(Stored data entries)
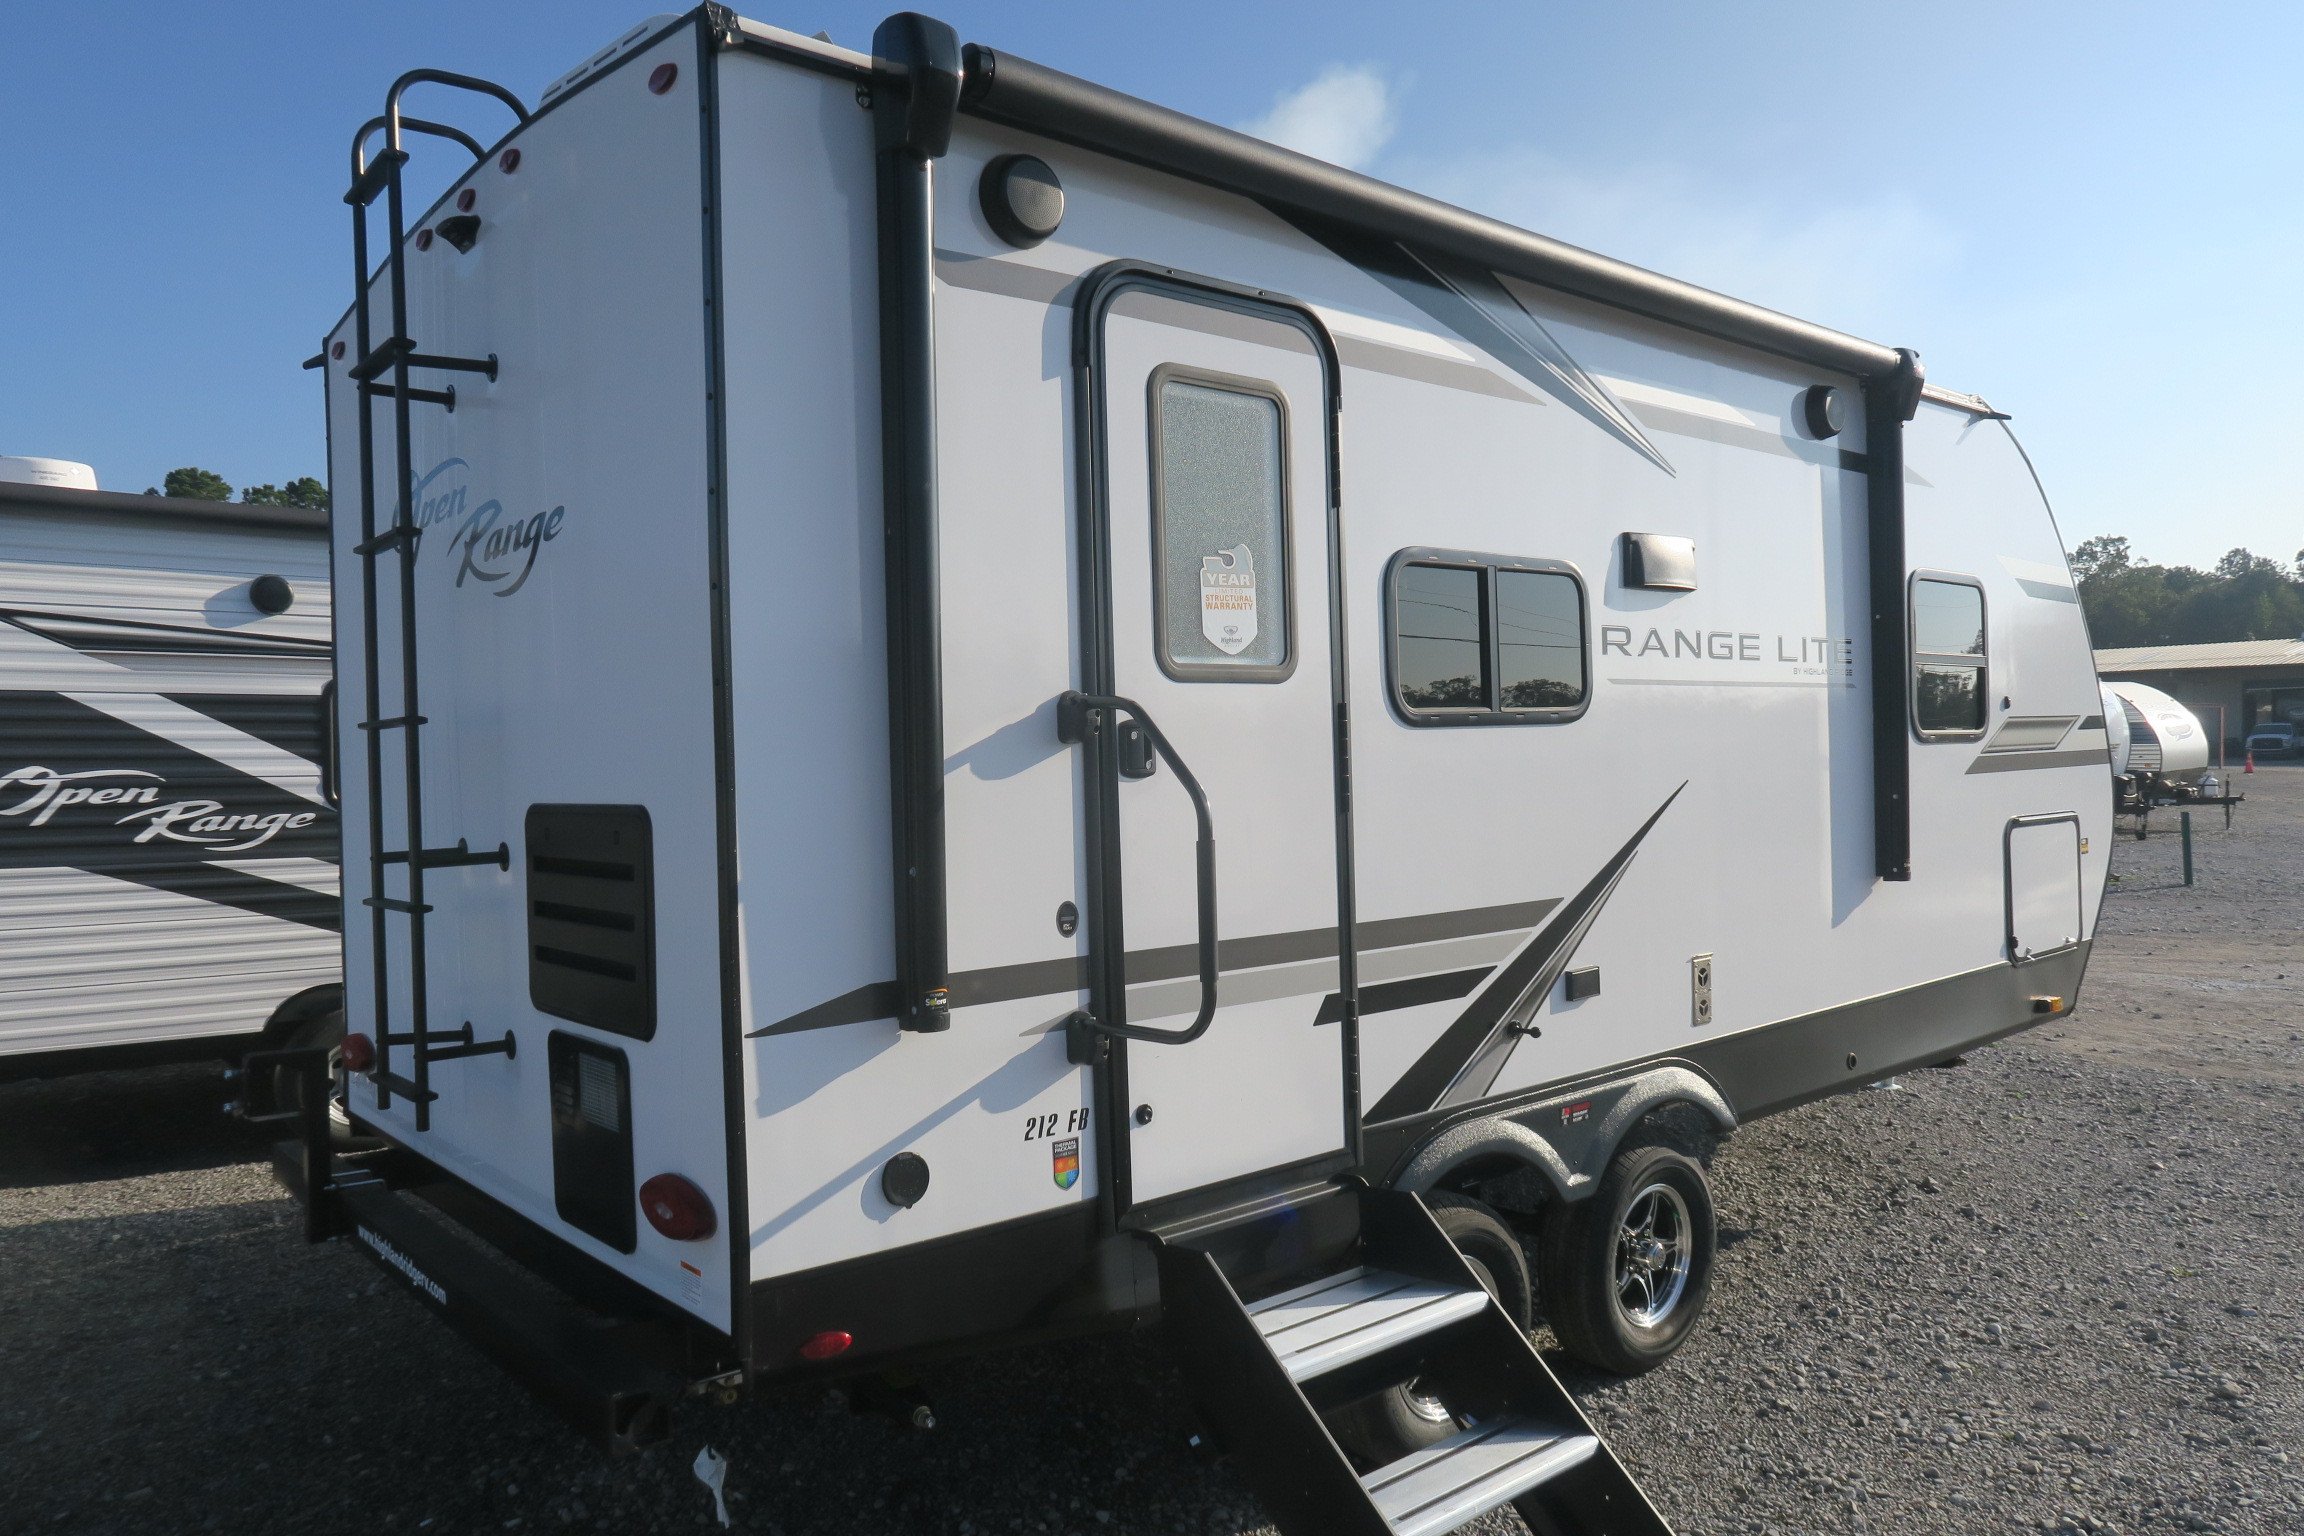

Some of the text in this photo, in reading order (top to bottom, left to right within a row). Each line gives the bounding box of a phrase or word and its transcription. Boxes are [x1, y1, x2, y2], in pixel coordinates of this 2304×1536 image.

[447, 498, 565, 598] Range
[1206, 572, 1251, 586] YEAR
[1205, 594, 1253, 602] STRUCTURAL
[1205, 602, 1254, 610] WARRANTY
[1600, 624, 1853, 664] RANGE LITE
[1793, 667, 1853, 677] BY HIGHLAND RDGE
[0, 765, 317, 852] Open Range
[1023, 1107, 1090, 1142] 212 FB

▶ **How to complete this task**
Return each entry exactly as it stands above, apart from any images.

▶ **Written response**
Some of the text in this photo, in reading order (top to bottom, left to right within a row). Each line gives the bounding box of a phrase or word and its transcription. Boxes are [x1, y1, x2, y2], in pixel coordinates of this 2304×1536 image.

[447, 498, 565, 598] Range
[1206, 572, 1251, 586] YEAR
[1205, 594, 1253, 602] STRUCTURAL
[1205, 602, 1254, 610] WARRANTY
[1600, 624, 1853, 664] RANGE LITE
[1793, 667, 1853, 677] BY HIGHLAND RDGE
[0, 765, 317, 852] Open Range
[1023, 1107, 1090, 1142] 212 FB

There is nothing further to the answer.